======== The data ========
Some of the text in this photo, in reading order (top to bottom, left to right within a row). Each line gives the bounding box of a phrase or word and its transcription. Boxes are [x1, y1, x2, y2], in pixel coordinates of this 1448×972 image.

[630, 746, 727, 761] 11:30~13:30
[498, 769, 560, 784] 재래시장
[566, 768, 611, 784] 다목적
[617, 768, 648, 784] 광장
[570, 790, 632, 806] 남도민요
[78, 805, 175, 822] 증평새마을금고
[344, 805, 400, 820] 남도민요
========
======== The data ========
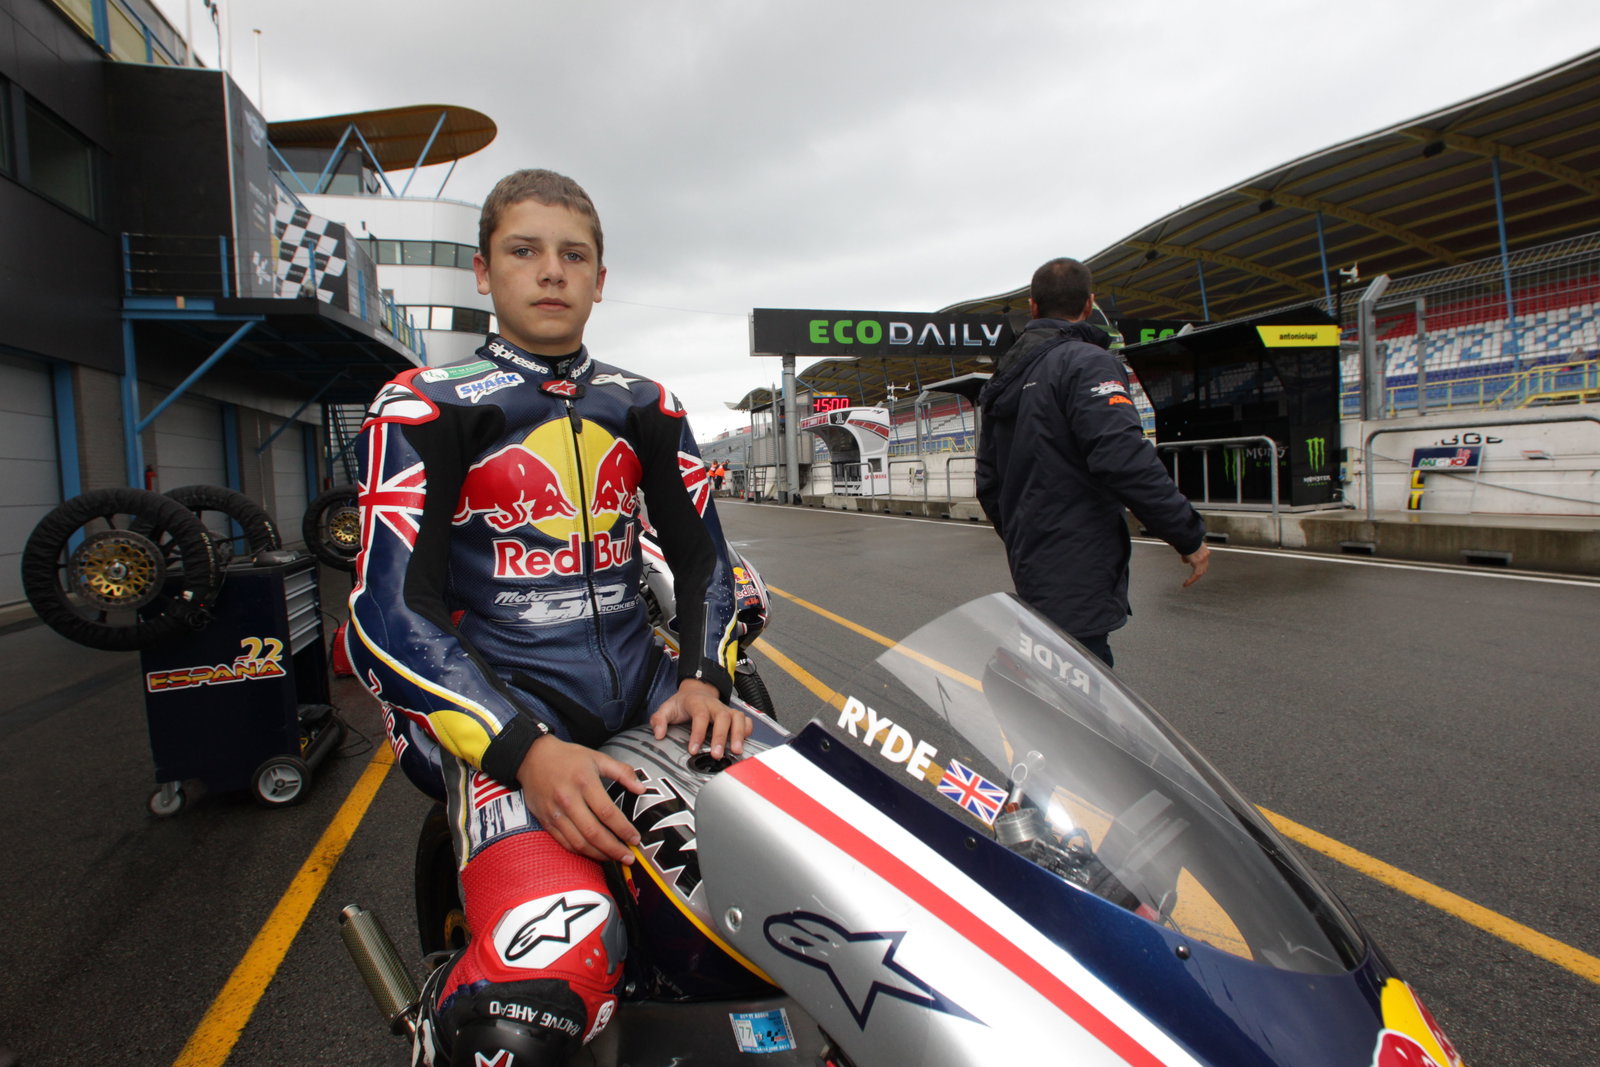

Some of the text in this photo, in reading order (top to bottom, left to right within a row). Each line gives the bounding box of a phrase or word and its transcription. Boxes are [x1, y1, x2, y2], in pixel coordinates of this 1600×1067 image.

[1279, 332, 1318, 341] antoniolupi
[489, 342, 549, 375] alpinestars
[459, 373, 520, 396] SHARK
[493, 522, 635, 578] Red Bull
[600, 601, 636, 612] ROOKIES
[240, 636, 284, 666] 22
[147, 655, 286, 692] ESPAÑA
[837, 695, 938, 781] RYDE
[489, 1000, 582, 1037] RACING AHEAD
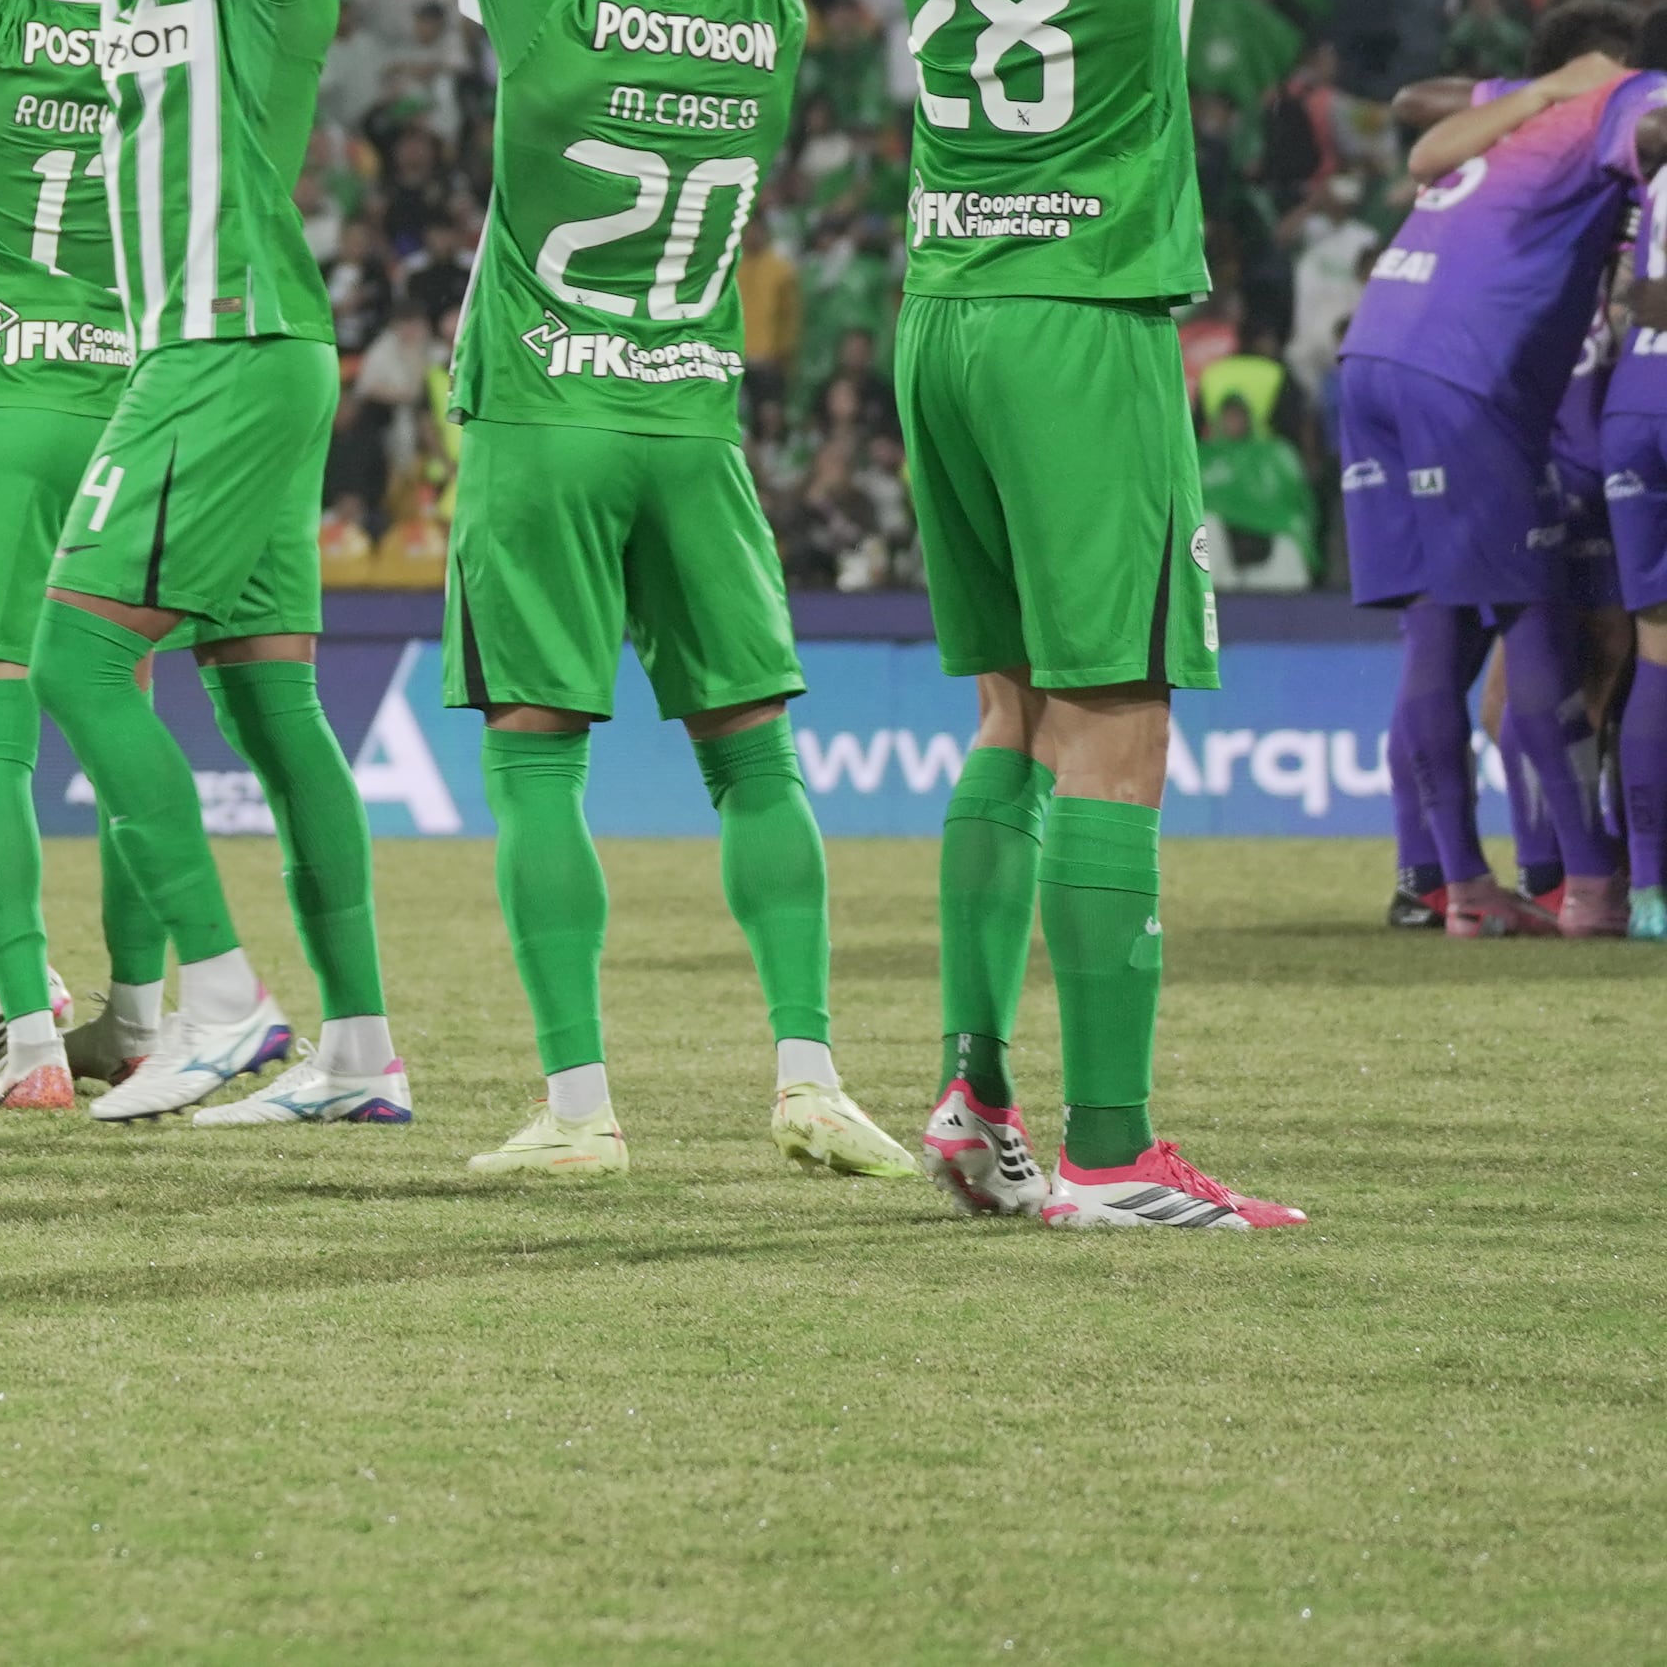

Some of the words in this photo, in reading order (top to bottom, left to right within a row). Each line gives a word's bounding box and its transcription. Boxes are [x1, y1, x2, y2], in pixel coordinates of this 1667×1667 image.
========
Requirement
Above are the records; restate exactly the lines from the one containing "this 1600×1067 image." through the one containing "Some of the words", keeping pictures out.

Output of the task
Some of the text in this photo, in reading order (top to bottom, left to right within a row). Each line gives the bounding box of a phrase or word and its transcription. Boxes are [x1, y1, x2, y2], in pixel coordinates of this 1600×1067 image.

[1279, 332, 1318, 341] antoniolupi
[489, 342, 549, 375] alpinestars
[459, 373, 520, 396] SHARK
[493, 522, 635, 578] Red Bull
[600, 601, 636, 612] ROOKIES
[240, 636, 284, 666] 22
[147, 655, 286, 692] ESPAÑA
[837, 695, 938, 781] RYDE
[489, 1000, 582, 1037] RACING AHEAD

Some of the words in this photo, in reading order (top to bottom, left to right within a row). Each line gives a word's bounding box and its transcription. Boxes are [x1, y1, x2, y2], in pixel coordinates of this 1667×1667 image.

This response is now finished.